Assigned task — Restate the data word for word. Leave the pictures out.
== Segment start ==
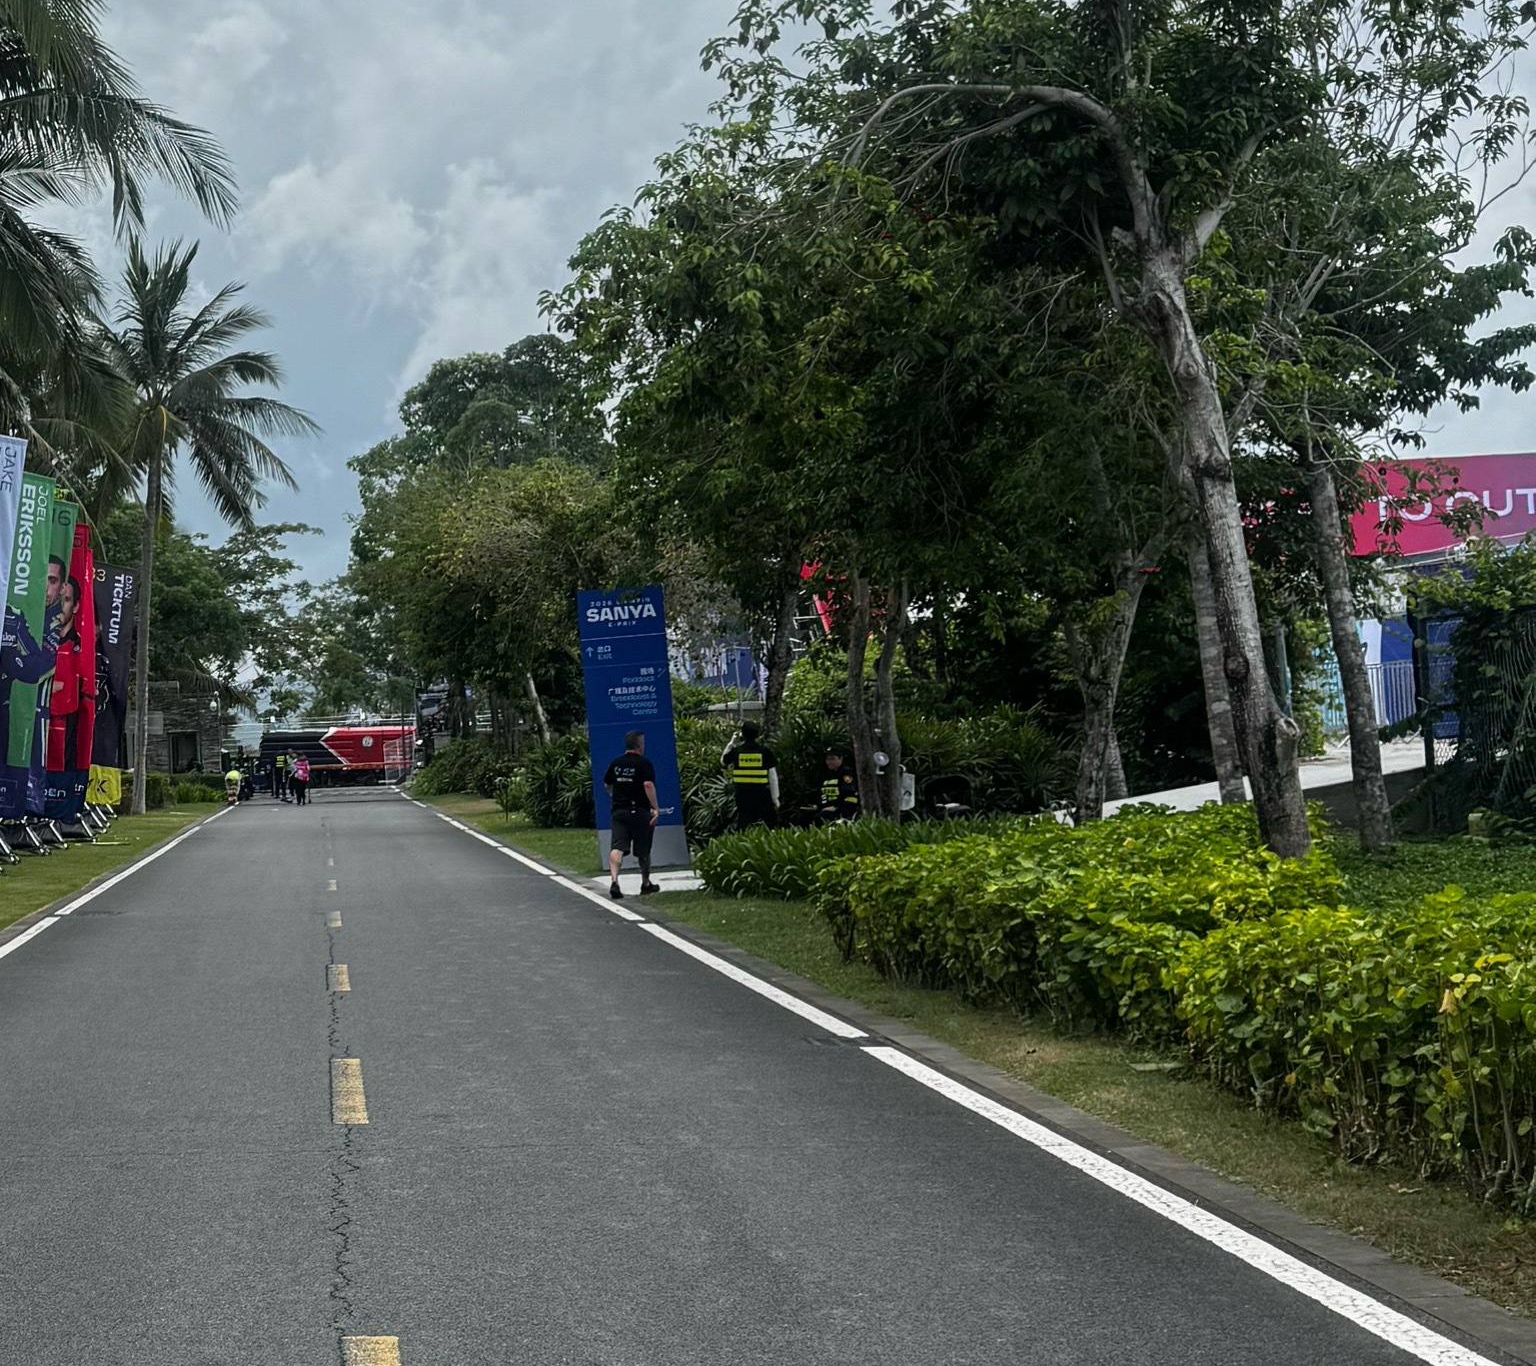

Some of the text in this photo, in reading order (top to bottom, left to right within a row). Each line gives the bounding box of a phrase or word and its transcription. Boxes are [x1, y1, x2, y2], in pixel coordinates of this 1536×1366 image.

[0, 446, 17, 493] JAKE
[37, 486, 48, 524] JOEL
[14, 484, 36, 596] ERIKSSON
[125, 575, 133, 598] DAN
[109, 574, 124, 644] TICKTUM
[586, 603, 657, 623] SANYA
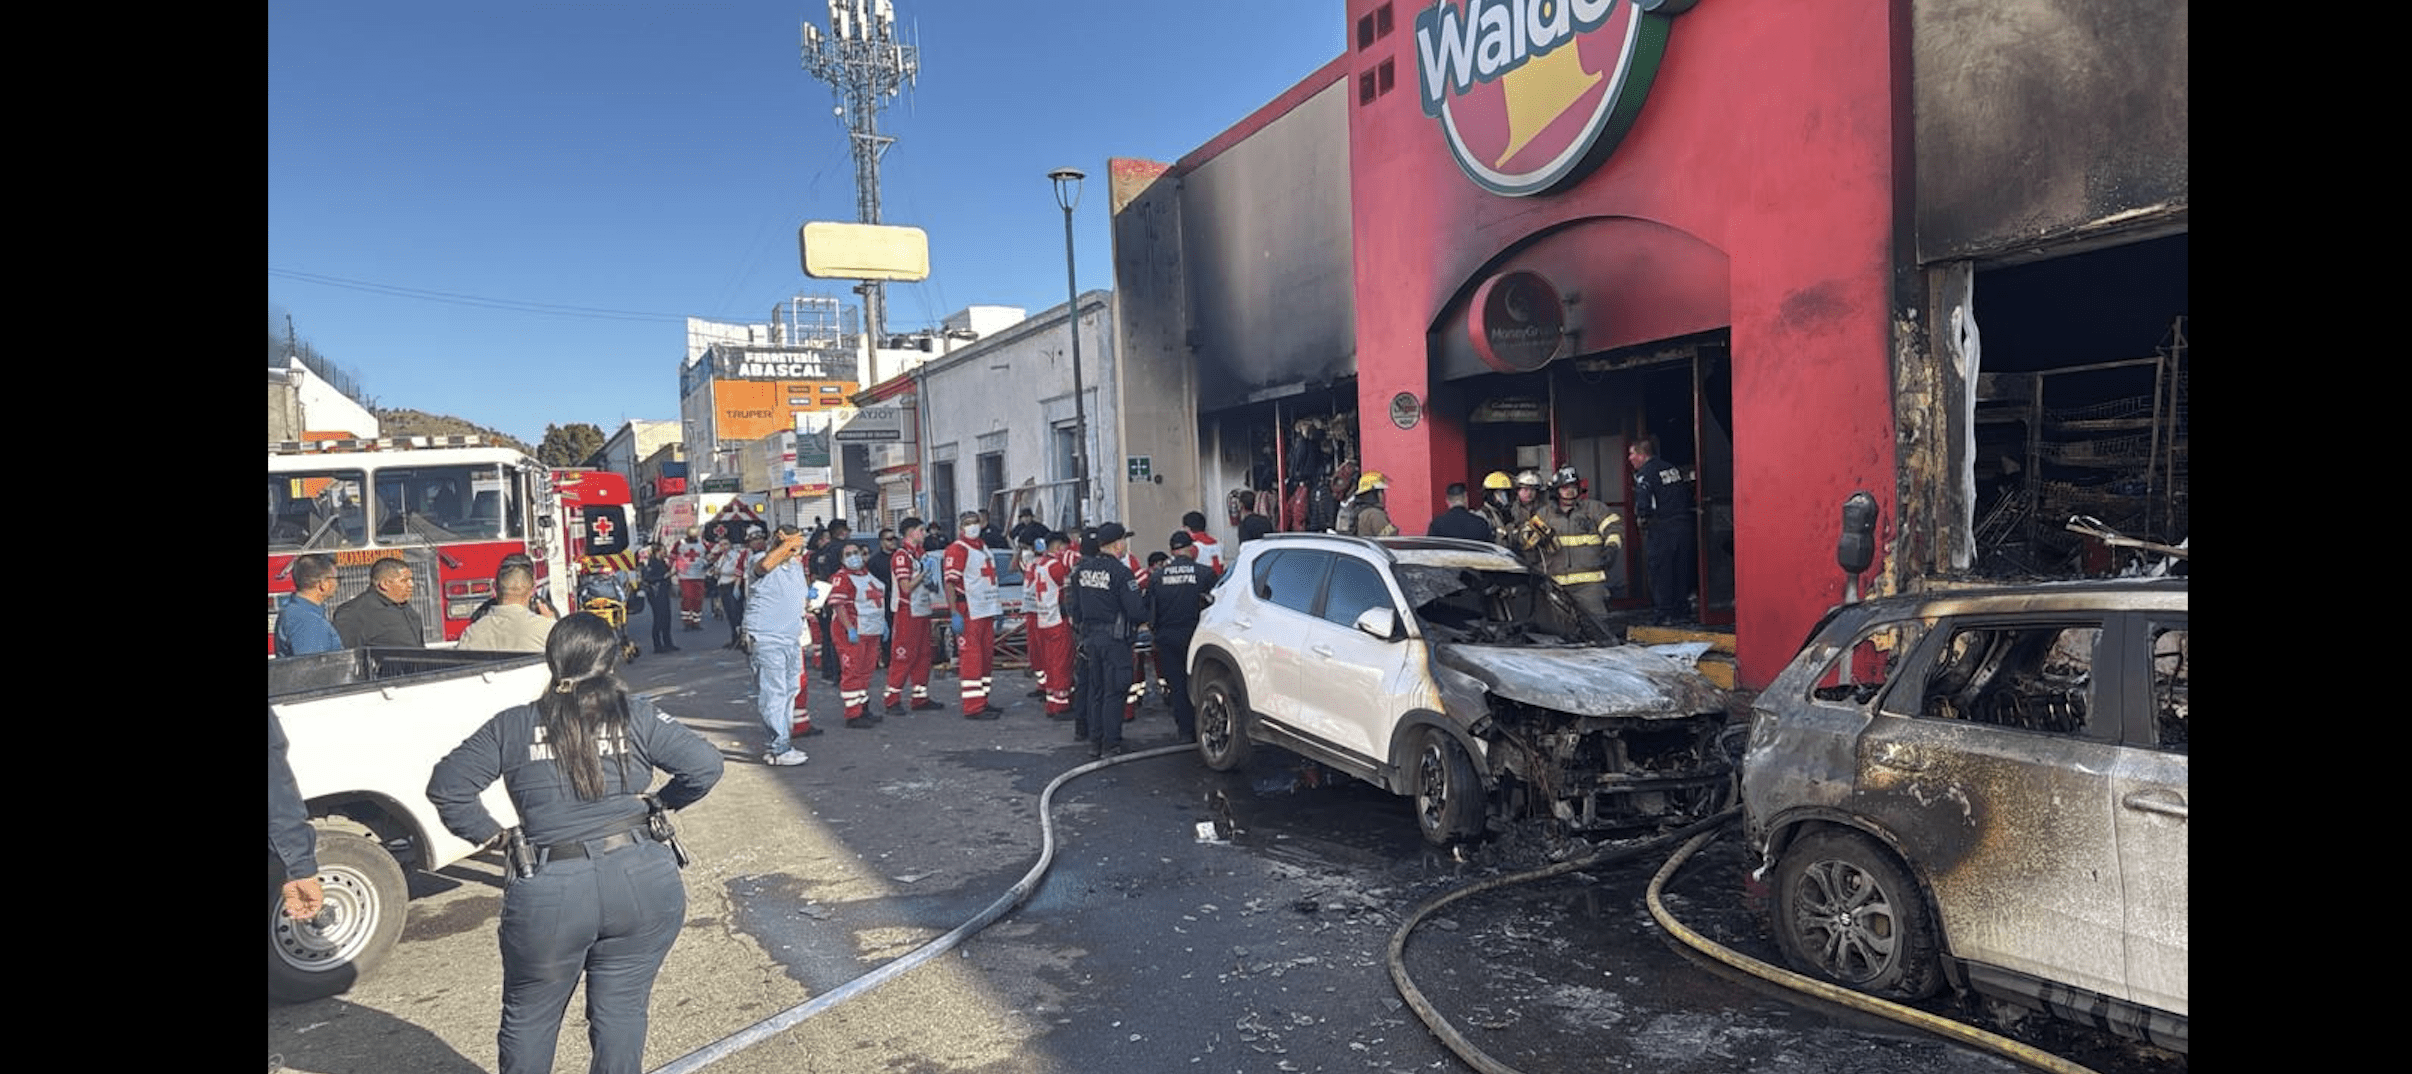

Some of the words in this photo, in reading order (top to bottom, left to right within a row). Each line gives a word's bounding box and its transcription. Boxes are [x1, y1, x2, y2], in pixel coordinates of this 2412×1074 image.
== Segment end ==
Response —
Some of the text in this photo, in reading order (top to bottom, left to right within a row). Each line gives the bounding box of a phrase or word and its transcription. Boxes are [x1, y1, x2, y2], in pixel coordinates of this 1536×1366 image.

[0, 446, 17, 493] JAKE
[37, 486, 48, 524] JOEL
[14, 484, 36, 596] ERIKSSON
[125, 575, 133, 598] DAN
[109, 574, 124, 644] TICKTUM
[586, 603, 657, 623] SANYA

Some of the words in this photo, in reading order (top to bottom, left to right within a row). Each line gives a word's bounding box and its transcription. Boxes are [x1, y1, x2, y2], in pixel coordinates of this 2412×1074 image.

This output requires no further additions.